At the beginning of dental assistant school, I had an epiphany, kind of like St. Paul on the road to Damascus, except mine was realizing I might be gumming my food for the rest of my life. I increased my brushing but I also started flossing multiple times everyday. I was one of those annoying guys, proudly walking around with a toothbrush sticking out of my shirt pocket to brush after every meal and always flossing…a dental nerd.

I spent as much time in a dental chair while in the Army as I spent as an assistant next to one. My fear of the dentist disappeared when I found out all this work can be done without pain. Now there’s a novel idea. I received fillings, crowns and had my wisdom teeth removed under local anesthetic (general anesthetic was not easily attainable in the service). I ended up giving classes in dental hygiene and became the poster boy of solid dental health. My smile was still, at best, ugly (hard to fix the years of abuse I put it through) but it was better than looking like Gabby Hays at age 35. 

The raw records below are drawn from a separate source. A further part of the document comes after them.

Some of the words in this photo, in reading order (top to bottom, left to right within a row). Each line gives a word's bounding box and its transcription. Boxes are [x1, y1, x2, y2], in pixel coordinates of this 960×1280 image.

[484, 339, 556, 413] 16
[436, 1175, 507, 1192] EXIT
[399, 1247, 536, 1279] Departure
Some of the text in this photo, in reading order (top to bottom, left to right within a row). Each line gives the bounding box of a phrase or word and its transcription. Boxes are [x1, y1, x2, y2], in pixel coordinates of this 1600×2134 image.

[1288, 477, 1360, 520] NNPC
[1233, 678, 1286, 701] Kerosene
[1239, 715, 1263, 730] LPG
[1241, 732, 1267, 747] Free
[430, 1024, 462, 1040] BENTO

It has been nearly 50 years since I left the service and I am proud to say I still have most of my original teeth. A couple have been replaced with a bridge and prosthetic but most of my choppers are mine and I still enjoy a good steak or corn on the cob without having to watch a Polident commercial to learn how to glue my false teeth into my mouth. Take that Dr. Woordruff. 

Fortunately, I never had to serve in Vietnam (I do appreciate all those who did serve in that ugly war. They were true heroes) I was the guy who was not that far from East Germany fighting against Commie dental disease. I am proud to say that I preserved the biting strength! Clever, eh.